**Task:**
Write the records out exactly as shown. No pictures.

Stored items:
● ● ● ●

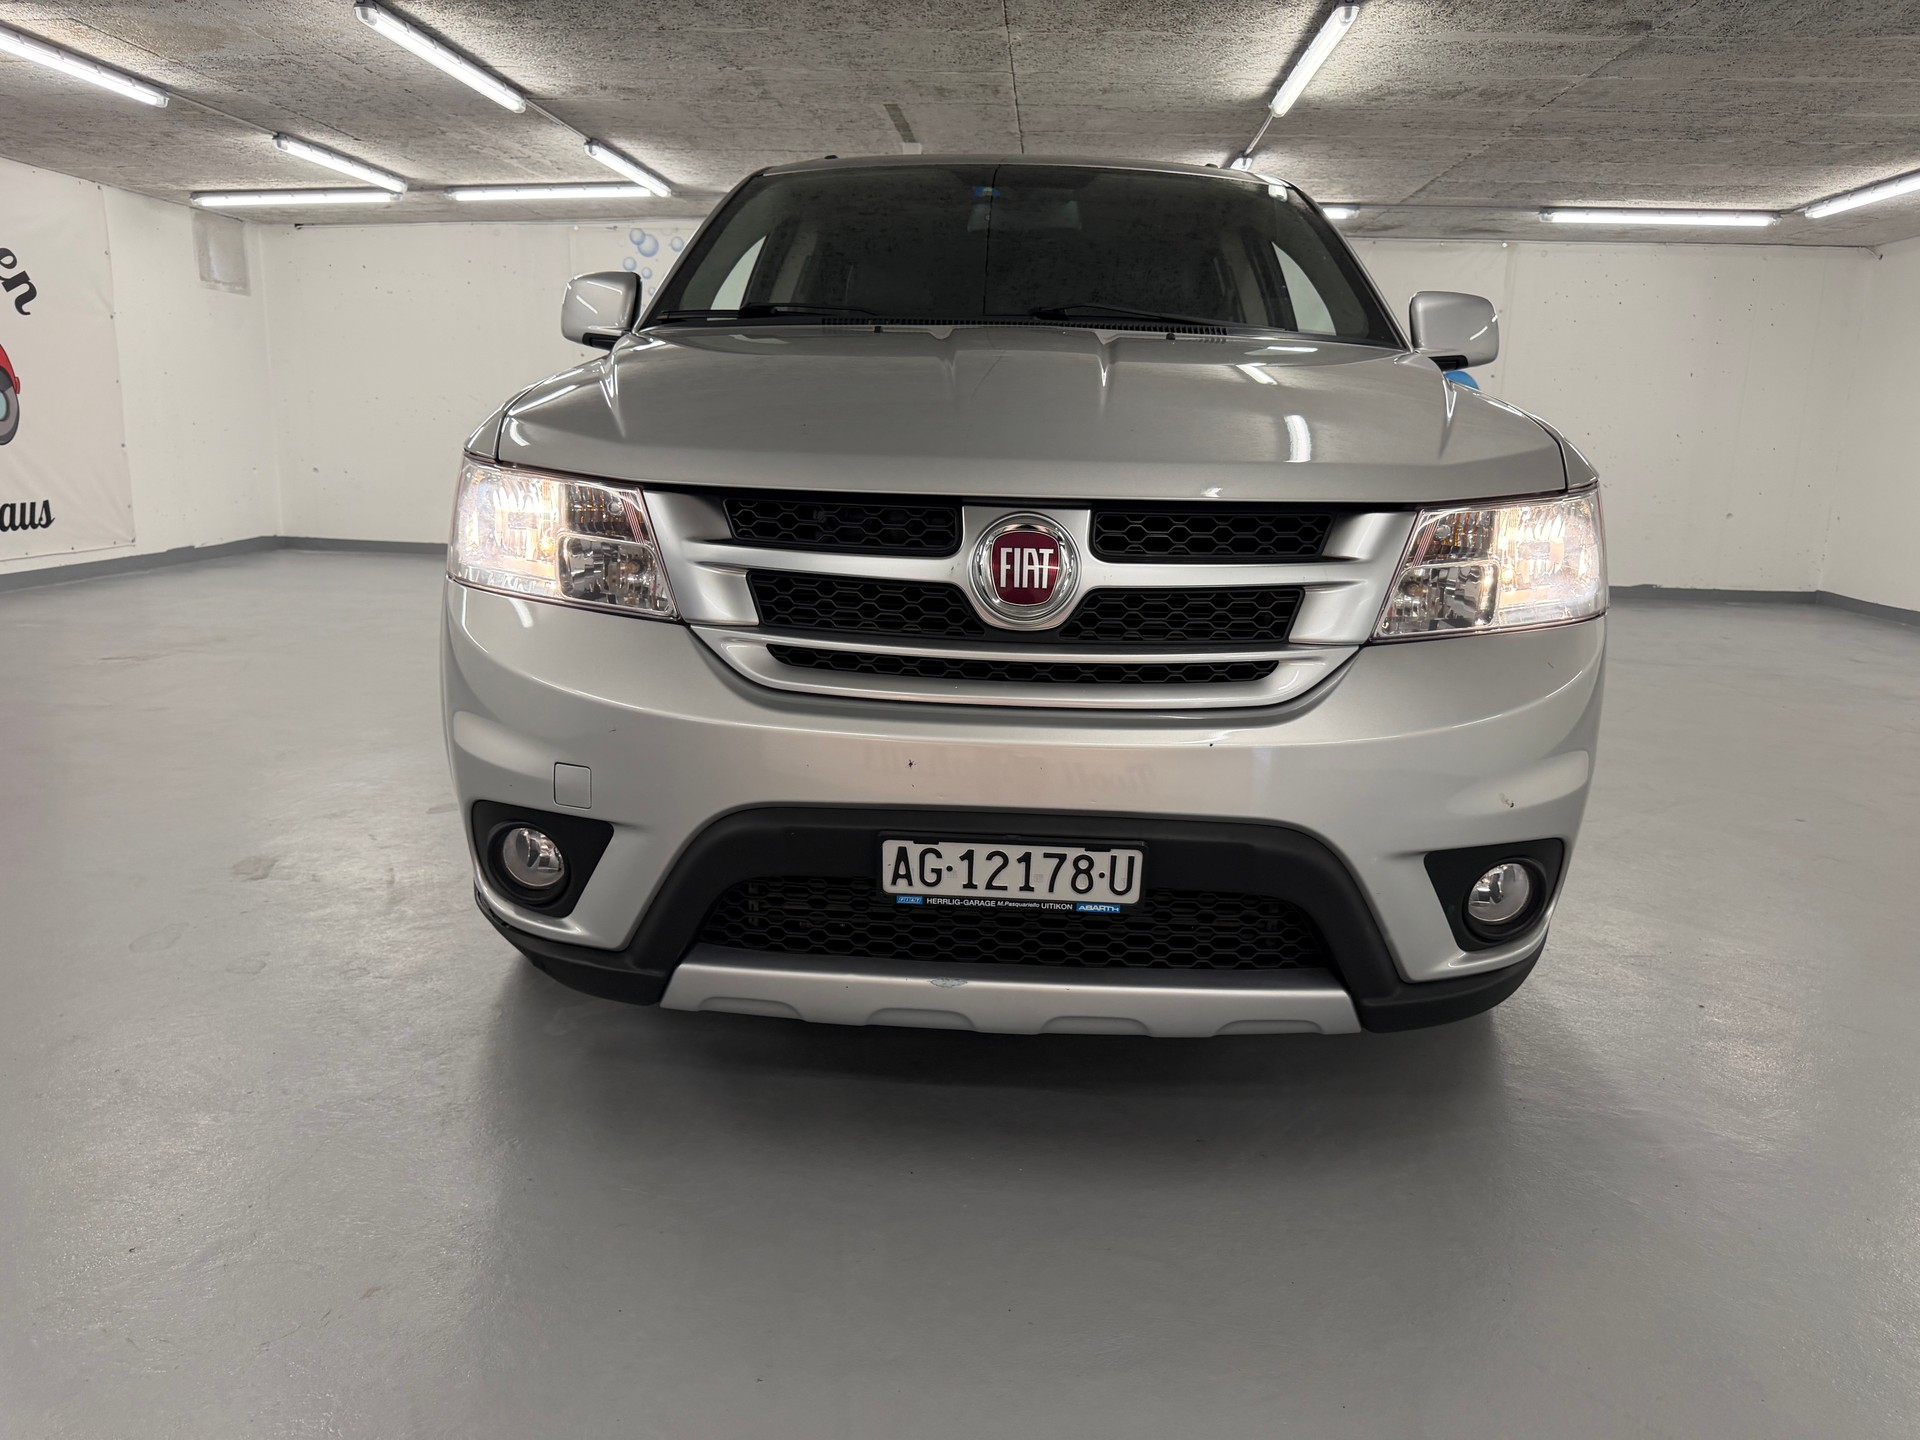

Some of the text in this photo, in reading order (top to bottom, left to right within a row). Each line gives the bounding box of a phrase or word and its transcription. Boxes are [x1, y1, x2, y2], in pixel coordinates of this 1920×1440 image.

[0, 499, 56, 532] aus
[1000, 547, 1054, 589] FIAT
[926, 897, 996, 907] HERRLIG-GARAGE
[1041, 902, 1073, 911] UITIKON
[1078, 904, 1120, 913] ABARTH

● ● ● ●

**Exercise solution:**
Some of the text in this photo, in reading order (top to bottom, left to right within a row). Each line gives the bounding box of a phrase or word and its transcription. Boxes are [x1, y1, x2, y2], in pixel coordinates of this 1920×1440 image.

[0, 499, 56, 532] aus
[1000, 547, 1054, 589] FIAT
[926, 897, 996, 907] HERRLIG-GARAGE
[1041, 902, 1073, 911] UITIKON
[1078, 904, 1120, 913] ABARTH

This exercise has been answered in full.